▶ EXERCISE BRIEF:
What you hand back must match the listing exactly.

▶ MATERIAL SHOWN:
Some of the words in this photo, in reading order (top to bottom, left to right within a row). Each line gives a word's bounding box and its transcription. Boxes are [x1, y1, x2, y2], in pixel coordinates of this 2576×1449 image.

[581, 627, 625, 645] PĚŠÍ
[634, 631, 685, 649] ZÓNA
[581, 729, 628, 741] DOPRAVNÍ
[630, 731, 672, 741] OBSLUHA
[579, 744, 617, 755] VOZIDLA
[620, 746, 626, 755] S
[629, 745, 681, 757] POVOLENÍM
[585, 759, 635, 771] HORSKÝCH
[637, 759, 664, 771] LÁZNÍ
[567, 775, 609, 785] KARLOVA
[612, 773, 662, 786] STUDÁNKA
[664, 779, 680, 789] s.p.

▶ EXPECTED OUTPUT:
Some of the words in this photo, in reading order (top to bottom, left to right within a row). Each line gives a word's bounding box and its transcription. Boxes are [x1, y1, x2, y2], in pixel coordinates of this 2576×1449 image.

[581, 627, 625, 645] PĚŠÍ
[634, 631, 685, 649] ZÓNA
[581, 729, 628, 741] DOPRAVNÍ
[630, 731, 672, 741] OBSLUHA
[579, 744, 617, 755] VOZIDLA
[620, 746, 626, 755] S
[629, 745, 681, 757] POVOLENÍM
[585, 759, 635, 771] HORSKÝCH
[637, 759, 664, 771] LÁZNÍ
[567, 775, 609, 785] KARLOVA
[612, 773, 662, 786] STUDÁNKA
[664, 779, 680, 789] s.p.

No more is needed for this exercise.